Important new data about both current and novel therapies for patients with multiple myeloma (MM) were presented at the 2022 American Society of Clinical Oncology (ASCO) Annual Meeting. Shaji Kumar, MD, and María-Victoria Mateos, MD, discussed key data and their implications for clinical practice.
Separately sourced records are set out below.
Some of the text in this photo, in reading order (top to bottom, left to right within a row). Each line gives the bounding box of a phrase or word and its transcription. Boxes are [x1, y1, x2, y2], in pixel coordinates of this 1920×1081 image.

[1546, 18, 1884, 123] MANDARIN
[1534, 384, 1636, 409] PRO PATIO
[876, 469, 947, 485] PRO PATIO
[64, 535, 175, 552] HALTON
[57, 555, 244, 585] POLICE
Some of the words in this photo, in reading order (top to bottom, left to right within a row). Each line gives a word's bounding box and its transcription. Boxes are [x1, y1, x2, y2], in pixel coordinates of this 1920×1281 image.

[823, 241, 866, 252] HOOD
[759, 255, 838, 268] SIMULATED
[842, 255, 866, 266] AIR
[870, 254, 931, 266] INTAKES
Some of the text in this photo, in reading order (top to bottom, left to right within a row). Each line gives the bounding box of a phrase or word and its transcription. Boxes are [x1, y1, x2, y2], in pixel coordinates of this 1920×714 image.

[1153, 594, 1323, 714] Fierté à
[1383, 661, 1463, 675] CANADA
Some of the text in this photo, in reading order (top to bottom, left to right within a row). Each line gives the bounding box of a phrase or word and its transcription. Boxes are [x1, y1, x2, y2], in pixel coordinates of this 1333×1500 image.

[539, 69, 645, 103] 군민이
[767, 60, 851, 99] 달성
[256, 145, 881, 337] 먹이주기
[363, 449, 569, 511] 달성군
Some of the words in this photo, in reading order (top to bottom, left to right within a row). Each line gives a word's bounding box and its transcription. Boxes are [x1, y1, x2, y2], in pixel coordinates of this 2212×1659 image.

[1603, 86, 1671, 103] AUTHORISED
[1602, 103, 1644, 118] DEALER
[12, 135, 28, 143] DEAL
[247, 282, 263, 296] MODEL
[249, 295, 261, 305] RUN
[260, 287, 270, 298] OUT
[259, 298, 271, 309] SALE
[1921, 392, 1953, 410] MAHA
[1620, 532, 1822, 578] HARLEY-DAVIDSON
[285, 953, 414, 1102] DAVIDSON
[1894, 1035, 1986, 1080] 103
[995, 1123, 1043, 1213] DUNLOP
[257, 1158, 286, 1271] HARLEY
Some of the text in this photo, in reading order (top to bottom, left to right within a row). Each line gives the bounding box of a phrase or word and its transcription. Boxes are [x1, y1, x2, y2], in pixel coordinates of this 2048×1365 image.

Role of ASCT Following Triplet Induction Therapy
The randomized phase 3 DETERMINATION trial evaluated the effect of adding autologous stem cell transplantation (ASCT) to triplet therapy with lenalidomide, bortezomib, and dexamethasone (RVd) followed by lenalidomide maintenance therapy in patients with symptomatic MM. The results, presented at ASCO 2022 and published simultaneously in TheNew England Journal of Medicine (NEJM), showed a significant increase in the risk of progression or death with RVd alone versus ASCT plus RVd (median progression-free survival [PFS], 46.2 vs 67.5 months; hazard ratio, 1.53; P < 0.001) but no significant difference in 5-year overall survival (OS) (79.2% vs 80.7%).1,2
Given the PFS benefit but lack of OS benefit after a median follow-up of 76 months, ASCT continues to be the standard of care, though there is the option to factor in patient preference regarding ASCT as part of first-line therapy. The trial also showed the importance of considering measurable residual disease (MRD) assessments, as there was no significant difference in 5-year PFS between RVd alone and ASCT plus RVd among patients with undetectable MRD (59.2% vs 53.5%).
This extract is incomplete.